[Start of section]

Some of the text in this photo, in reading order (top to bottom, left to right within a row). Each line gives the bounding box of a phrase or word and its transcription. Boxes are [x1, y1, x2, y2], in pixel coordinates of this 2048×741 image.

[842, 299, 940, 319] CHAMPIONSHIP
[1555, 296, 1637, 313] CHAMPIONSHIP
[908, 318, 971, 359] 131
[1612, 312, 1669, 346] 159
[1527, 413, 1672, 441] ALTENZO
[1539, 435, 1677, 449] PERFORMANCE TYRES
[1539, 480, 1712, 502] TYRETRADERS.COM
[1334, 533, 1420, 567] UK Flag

[End of section]

Exercise prompt> The answer must be the full listing, copied exactly.

Your response>
Some of the text in this photo, in reading order (top to bottom, left to right within a row). Each line gives the bounding box of a phrase or word and its transcription. Boxes are [x1, y1, x2, y2], in pixel coordinates of this 2048×741 image.

[842, 299, 940, 319] CHAMPIONSHIP
[1555, 296, 1637, 313] CHAMPIONSHIP
[908, 318, 971, 359] 131
[1612, 312, 1669, 346] 159
[1527, 413, 1672, 441] ALTENZO
[1539, 435, 1677, 449] PERFORMANCE TYRES
[1539, 480, 1712, 502] TYRETRADERS.COM
[1334, 533, 1420, 567] UK Flag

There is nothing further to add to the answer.